Picture of meteor killing the dinosaurs

When a comet connects with the Yucatan at high speed, it kills off the dinosaurs — but not all

the dinosaurs. Some survive to become birds. When the great ice sheets encroach on the future sites of London and Copenhagen, the Neanderthals leave their northern caves and set up housekeeping in balmy southern Spain and let the Baltic shiver in the cold and the dark.

They’re agile. They change. They adapt.

There’s an extinction-level event going on in electronics today. It’s the extinction of the Field Application Engineer. The comet in this case may be the Internet, with its demand for quick turnarounds and its lack of market attention span. Or maybe it’s the relentless economic push of the what’s-new-right-now business. Possibly it’s the new ease with which electronics can be designed and produced, which wasn’t available even five years ago, and that new ease is drawing startups into an arena that was too costly for them previously.

The conditions are these: electronics component distributors once enjoyed huge single-source sales. They worked with a relative few large companies that produced electronics in quantities measured in millions. Component distributors could afford to put Field Application Engineers in the customers’ offices to help design and support new products, but now the average production run has decreased. Average production runs have decreased in the last 35 years to an estimated 50,000 units, and one electronics blogger recommends holding initial production runs to the 10K range.

Most IoT devices start in the 1000-unit range. Research company Gartner Group reports that by 2020, 50% of IoT solutions will be made by companies three years old or less. At three years or less, those are startups, and they’re not going to produce large runs right out of the box.

Average runs have not decreased because there are fewer electronics companies. Quite the contrary. Wikipedia lists 149 pages of electronics companies. There are a lot of electronics companies. They’re just making shorter runs. The overall mass of production is up.

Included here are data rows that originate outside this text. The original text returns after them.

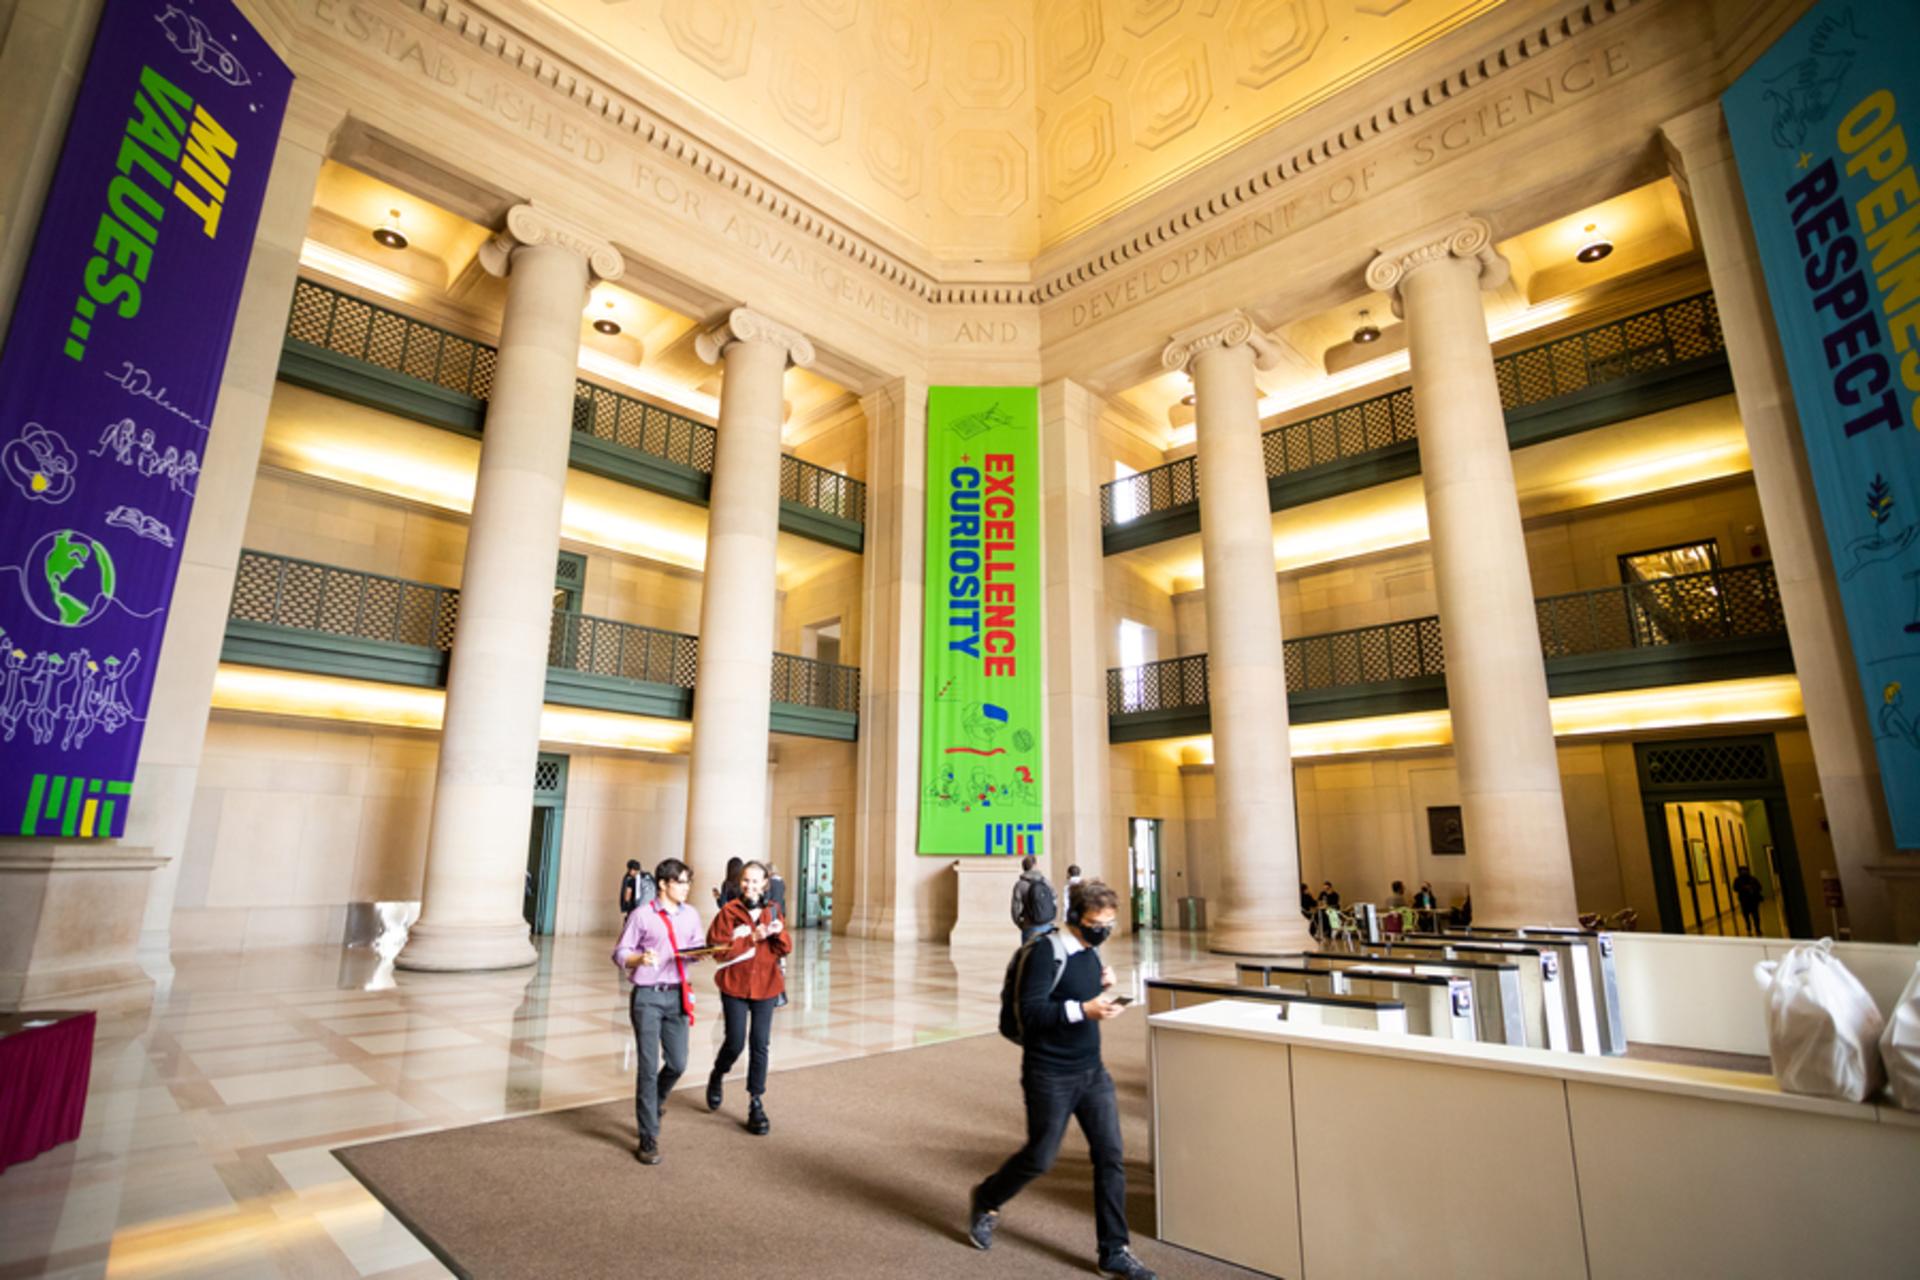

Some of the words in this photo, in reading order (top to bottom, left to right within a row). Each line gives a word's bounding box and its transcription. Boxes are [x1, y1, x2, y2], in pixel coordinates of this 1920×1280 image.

[64, 65, 194, 361] VALUES...
[174, 104, 238, 239] MIT
[314, 0, 605, 165] ESTABLISHED
[634, 162, 702, 221] FOR
[954, 320, 1018, 344] AND
[1071, 204, 1298, 328] DEVELOPMENT
[1328, 161, 1377, 204] OF
[1413, 40, 1630, 166] SCIENCE
[1785, 157, 1904, 438] RESPECT
[1837, 89, 1920, 433] OPENNE
[948, 466, 981, 659] CURIOSITY
[984, 453, 1016, 677] EXCELLENCE

This chart shows what’s going on:

graph representing upward trend of companies producing

With many companies making many short runs, distributors can no longer afford to put teams of Field Application Engineers on site at a given company to help design new products. It’s understandable. If 50% of manufacturing consists of 1000-unit startup runs, sales channels just can’t justify the FAE model of doing business.

Arrow Electronics, a Fortune 500 company, has started “Five Years Out,” a program to build a community of designers and engineers, and draw them to Arrow — rather than sending FAEs out to work with them. In an arrangement with Indiegogo, Arrow offers design support at the concept level — and afterwards, certification for the product. That process may bind successful new ventures to Arrow, a distinct advantage for Arrow.

While large manufacturers still are producing large runs, smaller companies are taking advantage of new technologies. Much like Amazon Web Services made it easy for startups to create experimental web-based services and businesses with a minimum of investment in hardware, new technologies are making it easy to design, develop, prototype, and manufacture electronics hardware without the up-front investment in plant and equipment. Small companies can produce professional-quality electronic devices without the Field Application Engineer at their elbow, and in some cases without much engineering required at all. This is part of the “abstraction” phenomena already seen in web development (WordPress), music, (GarageBand, Audition, Audacity), ebooks (InDesign), and video (Premiere), which puts the capability of professional production within the reach of even a high school student.

If experience is a guide (and it should be) production runs may become even smaller and even more highly customized in the future, especially in the industrial electronics sector. It’s a race not to the bottom, but to the cost-effective micro-run.

It’s time to be agile. To change. To adapt.